My curiosity is essentially motivated because I tried to calculate how relativistic (and other) effects influence some of the results one would get for ordinary "school problems". E.g. adding velocities by using $\frac{v_1+v_2}{1 + \frac{v_1 v_2}{c^2}}$ instead of just $v_1 + v_2$. That is fun and can provide some insights to laymen like me. Plus: any schoolkid can calculate it. So I was wondering about essentially doing the same for gravitation and the answers I got here already provided lots of interesting insights! Unfortunately, there will no be many schoolkids who can calculate this ... –  Johsm Jan 2 '13 at 11:36
    
Well, if we use proper time of the body and Schwarzschild co-ordinates for distance and angle, as I've done, then the acceleration formula is almost the classical one, with a small correction term $(3GM/c^2)\dot{\theta}^2$ if there is non-radial motion. But proper time is different from "stationary distant observer" time. This is true in special relativity as well, but general relativity adds the correction factor $(1 - \frac{r_s}{r})$. I've updated my answer accordingly. Hope this provides some more insight! –  Retarded Potential Jan 2 '13 at 22:01

Yes the non-relativistic equation of motion

$$\frac{dp}{dt} = F = -\frac{G m_1 m_2}{r^2}$$

for a single particle interacting gravitationally with other is only valid for velocities much smaller than the speed of light and for small enough masses.

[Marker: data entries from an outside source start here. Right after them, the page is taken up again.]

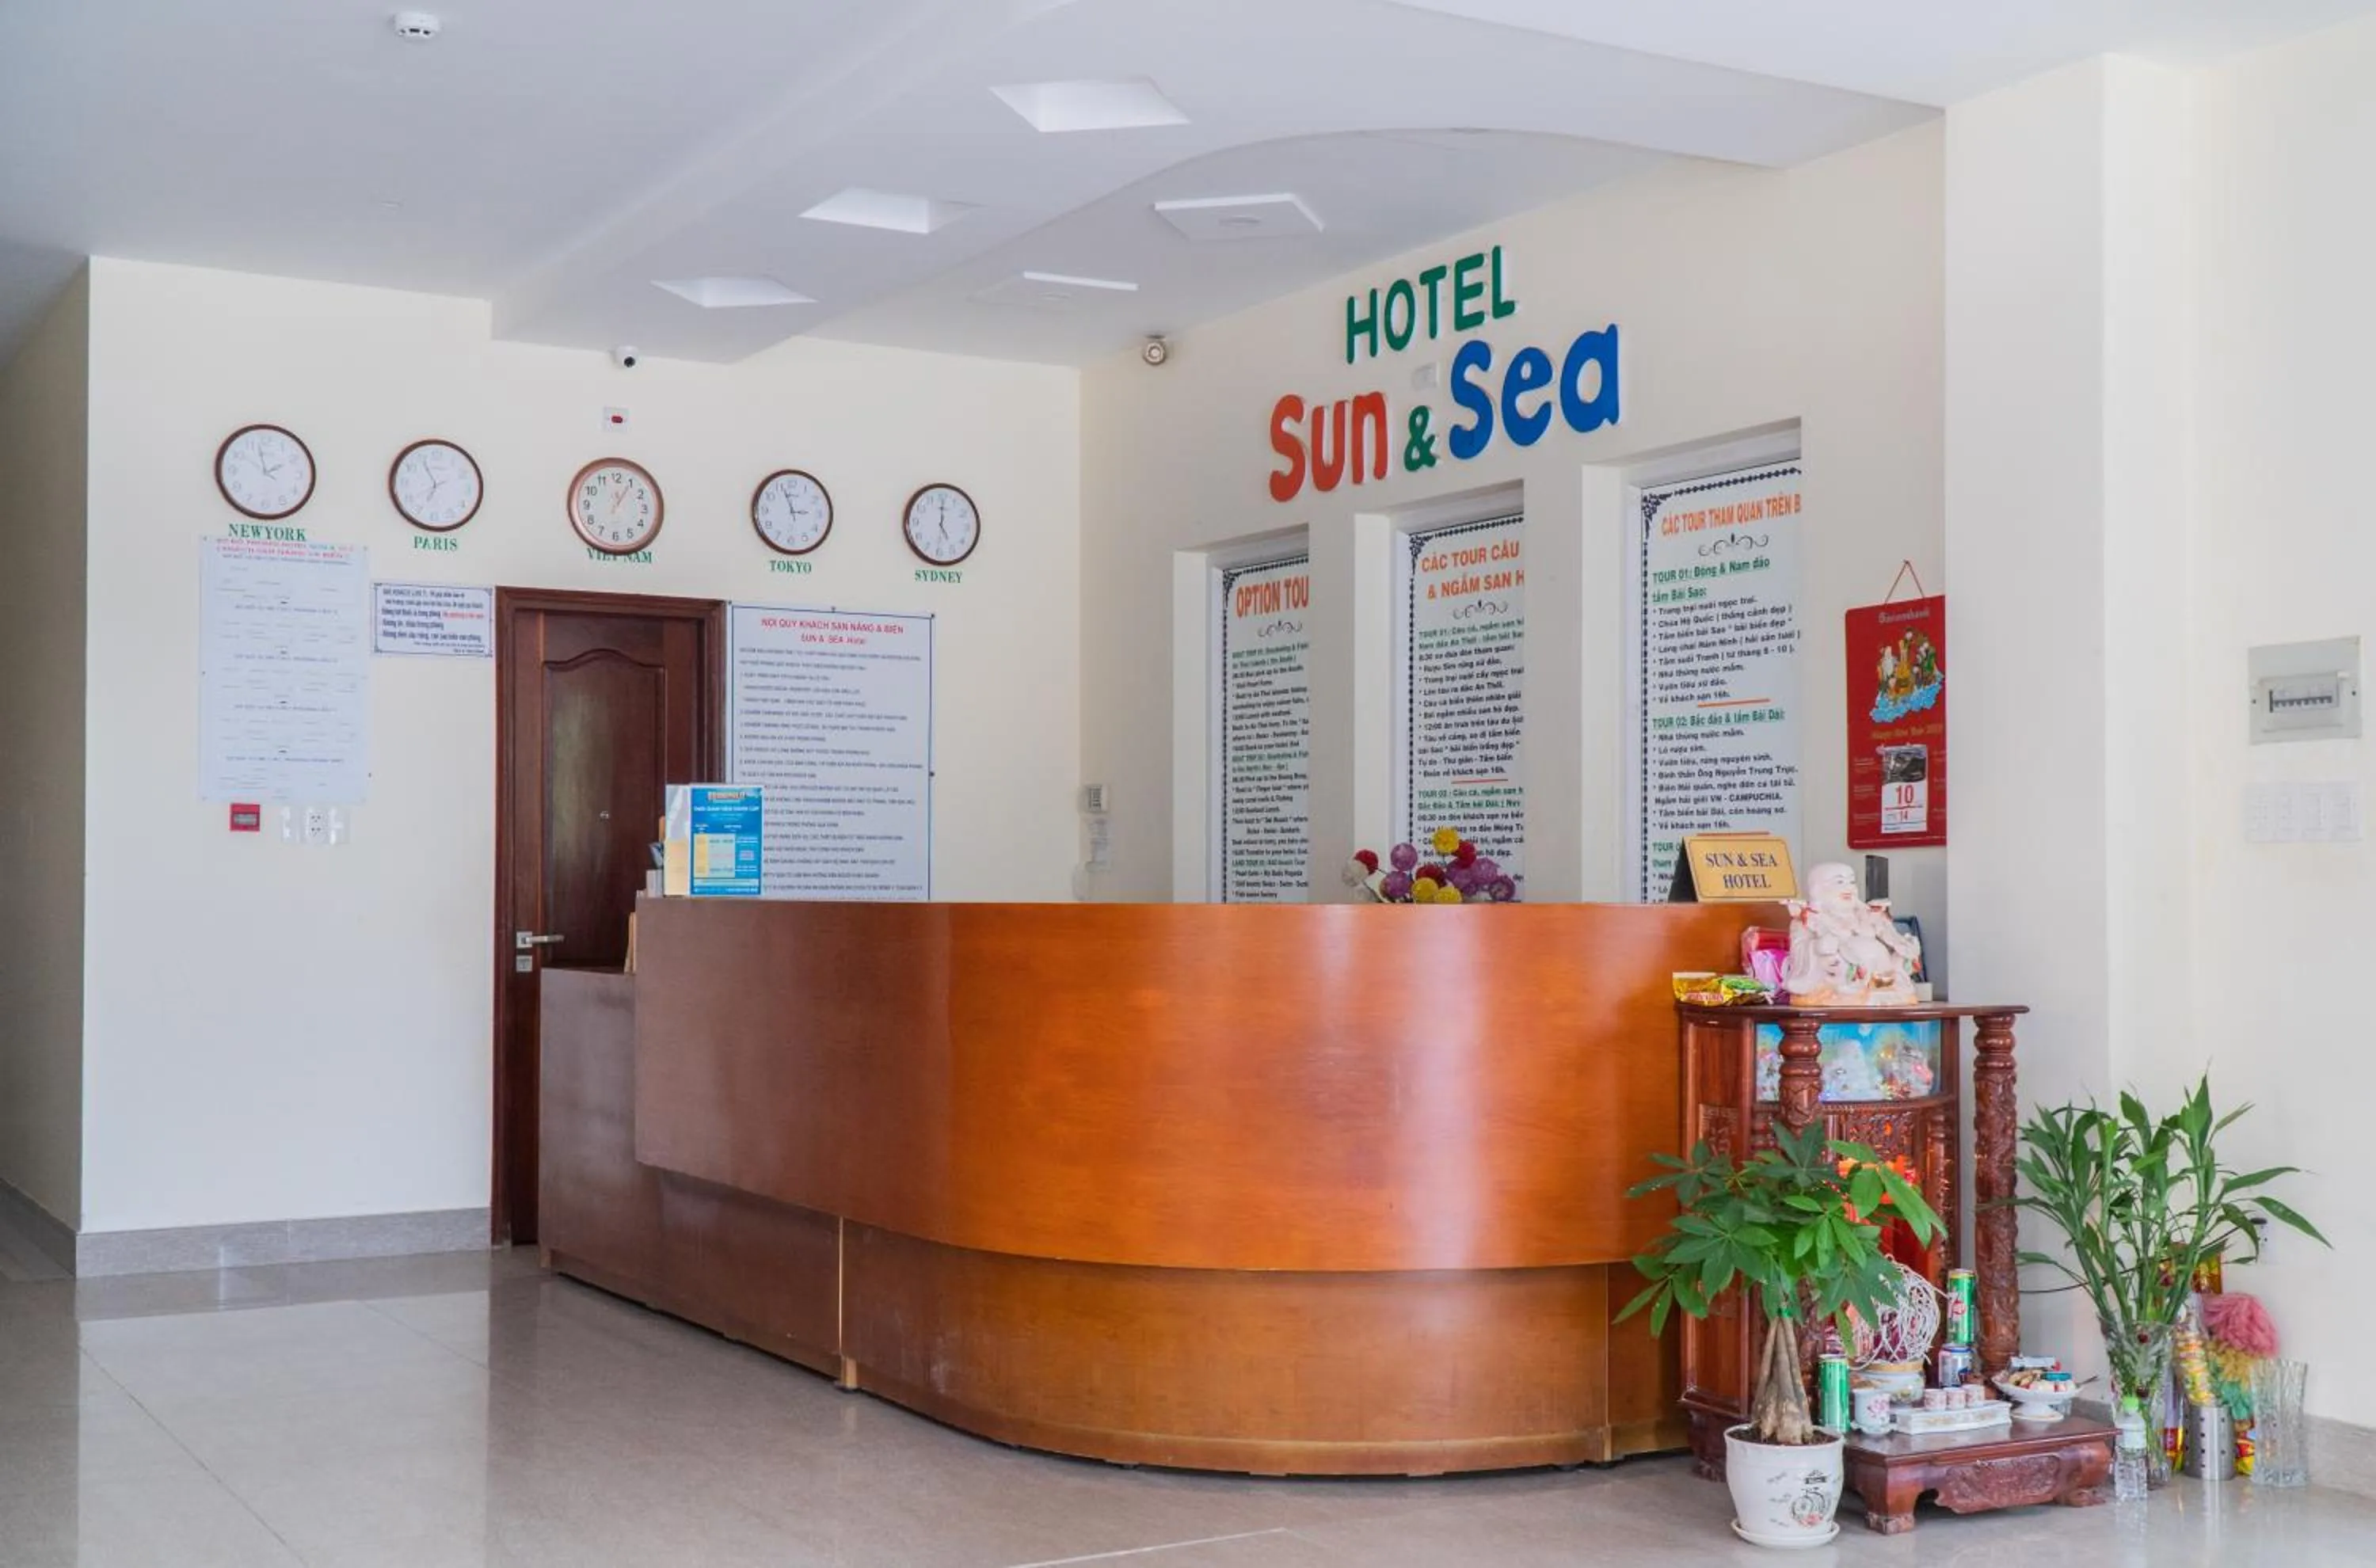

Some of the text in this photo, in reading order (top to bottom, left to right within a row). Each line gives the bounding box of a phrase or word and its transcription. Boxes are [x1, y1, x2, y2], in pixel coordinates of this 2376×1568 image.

[1346, 245, 1517, 364] HOTEL
[1268, 322, 1620, 503] Sun & Sea
[598, 476, 632, 488] 11 1
[612, 473, 621, 483] 12
[585, 486, 644, 500] 10 2
[584, 500, 648, 514] 9 3
[1682, 512, 1705, 533] TOUR
[1708, 506, 1734, 529] THAM
[1737, 500, 1763, 525] QUAN
[1795, 493, 1801, 514] B
[588, 515, 594, 524] 8
[228, 523, 306, 542] NEWYORK
[598, 526, 634, 541] 7 6 5
[414, 536, 457, 551] PARIS
[624, 551, 652, 563] NAM
[1422, 552, 1448, 572] CÁC
[1451, 547, 1487, 567] TOUR
[770, 561, 812, 573] TOKYO
[1652, 569, 1677, 583] TOUR
[1719, 562, 1726, 574] &
[1729, 560, 1750, 572] Nam
[914, 570, 962, 583] SYDNEY
[1428, 584, 1436, 599] &
[1484, 571, 1511, 591] SAN
[1516, 570, 1524, 585] H
[1237, 577, 1308, 618] OPTION TOU
[829, 635, 843, 644] SEA
[1653, 717, 1673, 729] TOUR
[1725, 712, 1731, 723] &
[1729, 793, 1783, 802] CAMPUCHIA.
[1895, 785, 1913, 804] 10
[1706, 852, 1777, 867] SUN & SEA
[1723, 873, 1772, 889] HOTEL
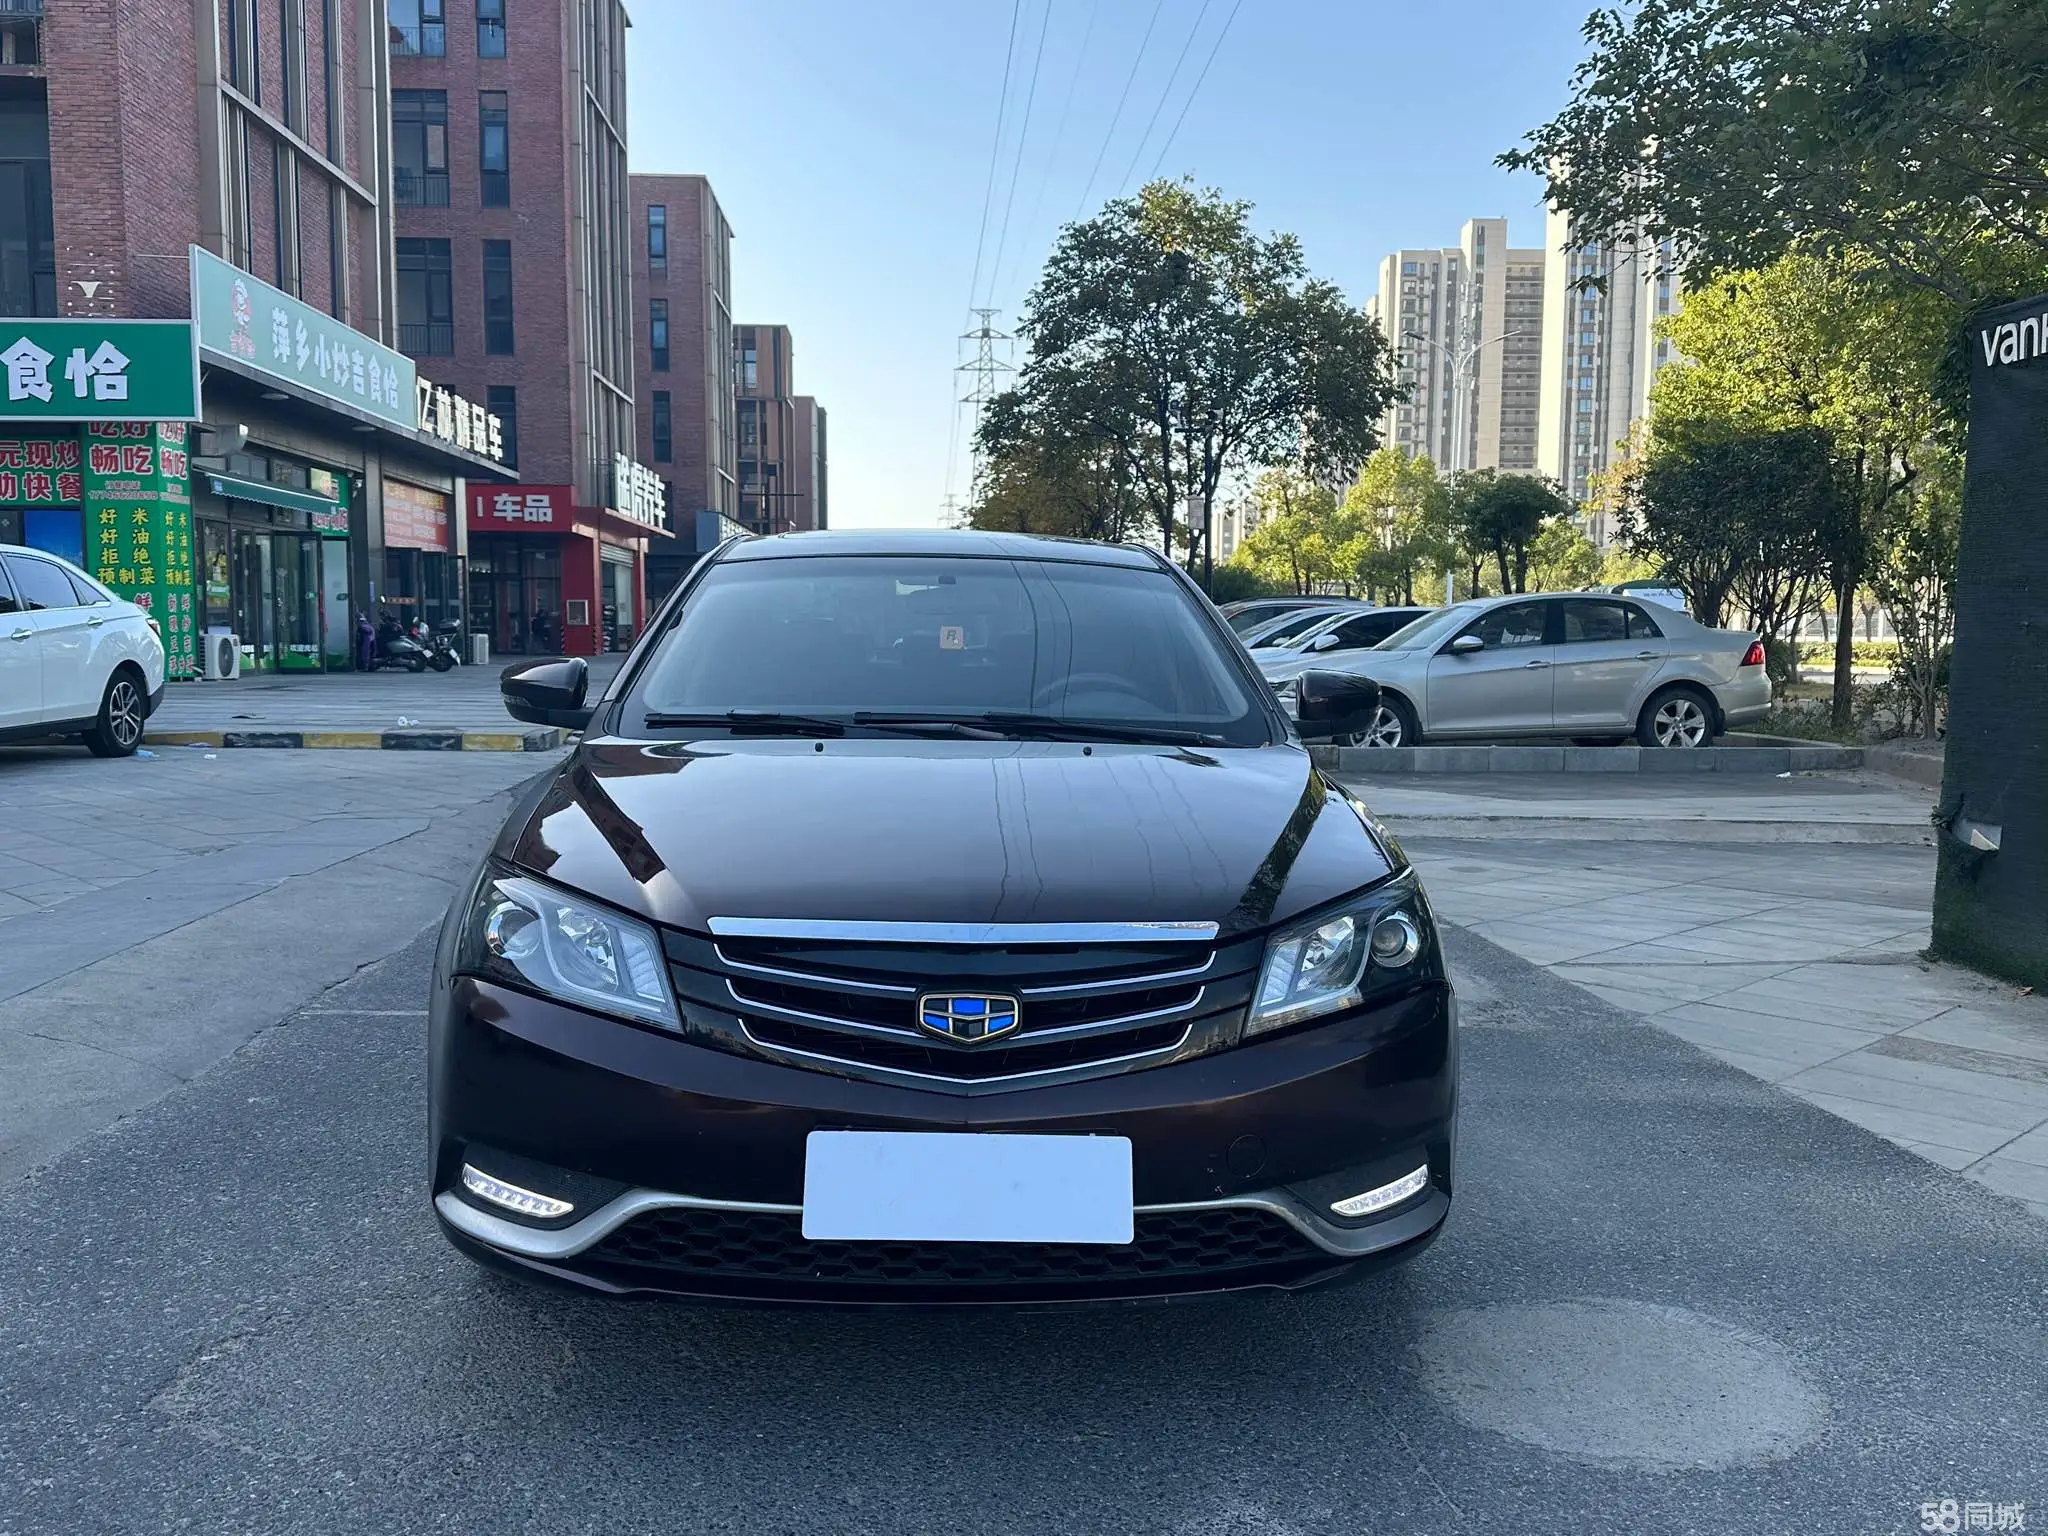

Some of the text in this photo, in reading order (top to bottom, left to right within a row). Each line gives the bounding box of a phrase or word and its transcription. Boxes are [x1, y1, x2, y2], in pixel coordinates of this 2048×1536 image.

Notice the minus sign in the expression for the non-relativistic force F --gravitation is attractive--.

First, general relativity is a (geo)metric theory. There is no gravitational forces in general relativity. In general relativity, bodies affected only by gravitation are moving freely, but in a curved spacetime

The general relativistic equation of motion for a single body is the geodesic equation

$$\frac{DP^\mu}{D\tau} = 0$$

Note the zero at the right, which is a consequence of the absence of gravitational forces in general relativity. The greek indices run over 0,1,2,3 --the spacetime coordinates-- and summation convention is being used. $P^\mu$ is the four-momentum, $\tau$ the proper time and $D$ denotes the covariant derivative, which includes the effects due to spacetime curvature

$$\frac{DP^\mu}{D\tau} = \frac{dP^\mu}{d\tau} + \Gamma_{\nu\lambda}^\mu U^\nu P^\lambda ,$$

where $\Gamma_{\nu\lambda}^\mu$ are the Christoffel symbols and $U^\nu$ the four-velocity.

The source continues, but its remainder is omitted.